- _What needs to be done_: Starting at the line that contains "this 1633×1225 image.", print every remaining line of the entries, unchanged, and output nothing more.

Provided data section start

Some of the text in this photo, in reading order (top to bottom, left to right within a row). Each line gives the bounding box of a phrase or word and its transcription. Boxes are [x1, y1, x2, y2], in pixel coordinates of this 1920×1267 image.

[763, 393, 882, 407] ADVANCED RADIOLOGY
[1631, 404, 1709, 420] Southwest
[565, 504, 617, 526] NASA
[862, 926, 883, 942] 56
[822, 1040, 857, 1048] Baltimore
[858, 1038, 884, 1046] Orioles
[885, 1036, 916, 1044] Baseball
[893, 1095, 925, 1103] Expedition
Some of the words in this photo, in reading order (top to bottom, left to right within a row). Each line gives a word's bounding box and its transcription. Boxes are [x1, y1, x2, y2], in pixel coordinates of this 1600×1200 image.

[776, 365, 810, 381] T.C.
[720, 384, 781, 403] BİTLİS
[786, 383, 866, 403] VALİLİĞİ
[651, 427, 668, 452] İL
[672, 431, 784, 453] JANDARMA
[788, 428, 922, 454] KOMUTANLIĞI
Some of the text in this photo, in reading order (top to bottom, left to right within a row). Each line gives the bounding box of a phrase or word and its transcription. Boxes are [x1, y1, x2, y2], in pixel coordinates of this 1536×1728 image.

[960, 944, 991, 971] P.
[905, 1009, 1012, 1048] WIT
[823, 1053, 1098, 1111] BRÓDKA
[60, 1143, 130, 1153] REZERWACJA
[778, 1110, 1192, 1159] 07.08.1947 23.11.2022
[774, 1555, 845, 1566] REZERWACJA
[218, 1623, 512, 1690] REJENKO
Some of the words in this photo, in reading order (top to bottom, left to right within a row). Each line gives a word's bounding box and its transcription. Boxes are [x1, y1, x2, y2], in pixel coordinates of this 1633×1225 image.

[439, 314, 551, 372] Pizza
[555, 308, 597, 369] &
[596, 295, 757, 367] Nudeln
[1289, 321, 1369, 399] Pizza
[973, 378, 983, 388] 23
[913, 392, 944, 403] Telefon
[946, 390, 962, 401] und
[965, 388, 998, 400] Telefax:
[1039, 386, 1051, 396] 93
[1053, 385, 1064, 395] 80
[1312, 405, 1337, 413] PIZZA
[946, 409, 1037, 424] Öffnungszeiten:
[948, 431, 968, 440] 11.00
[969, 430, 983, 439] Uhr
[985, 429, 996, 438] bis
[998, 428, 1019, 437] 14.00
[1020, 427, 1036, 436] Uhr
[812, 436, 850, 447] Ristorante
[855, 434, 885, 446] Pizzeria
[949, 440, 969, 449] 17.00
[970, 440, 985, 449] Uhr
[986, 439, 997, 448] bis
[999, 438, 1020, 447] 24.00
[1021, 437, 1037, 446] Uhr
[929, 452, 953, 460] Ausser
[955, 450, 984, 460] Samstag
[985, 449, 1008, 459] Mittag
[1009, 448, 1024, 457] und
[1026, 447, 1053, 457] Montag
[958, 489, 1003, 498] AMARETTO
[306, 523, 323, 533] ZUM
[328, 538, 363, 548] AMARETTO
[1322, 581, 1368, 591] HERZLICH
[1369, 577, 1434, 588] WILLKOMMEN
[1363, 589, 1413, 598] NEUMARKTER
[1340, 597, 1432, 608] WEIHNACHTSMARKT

Provided data section end

- _The completed task_:
Some of the words in this photo, in reading order (top to bottom, left to right within a row). Each line gives a word's bounding box and its transcription. Boxes are [x1, y1, x2, y2], in pixel coordinates of this 1633×1225 image.

[439, 314, 551, 372] Pizza
[555, 308, 597, 369] &
[596, 295, 757, 367] Nudeln
[1289, 321, 1369, 399] Pizza
[973, 378, 983, 388] 23
[913, 392, 944, 403] Telefon
[946, 390, 962, 401] und
[965, 388, 998, 400] Telefax:
[1039, 386, 1051, 396] 93
[1053, 385, 1064, 395] 80
[1312, 405, 1337, 413] PIZZA
[946, 409, 1037, 424] Öffnungszeiten:
[948, 431, 968, 440] 11.00
[969, 430, 983, 439] Uhr
[985, 429, 996, 438] bis
[998, 428, 1019, 437] 14.00
[1020, 427, 1036, 436] Uhr
[812, 436, 850, 447] Ristorante
[855, 434, 885, 446] Pizzeria
[949, 440, 969, 449] 17.00
[970, 440, 985, 449] Uhr
[986, 439, 997, 448] bis
[999, 438, 1020, 447] 24.00
[1021, 437, 1037, 446] Uhr
[929, 452, 953, 460] Ausser
[955, 450, 984, 460] Samstag
[985, 449, 1008, 459] Mittag
[1009, 448, 1024, 457] und
[1026, 447, 1053, 457] Montag
[958, 489, 1003, 498] AMARETTO
[306, 523, 323, 533] ZUM
[328, 538, 363, 548] AMARETTO
[1322, 581, 1368, 591] HERZLICH
[1369, 577, 1434, 588] WILLKOMMEN
[1363, 589, 1413, 598] NEUMARKTER
[1340, 597, 1432, 608] WEIHNACHTSMARKT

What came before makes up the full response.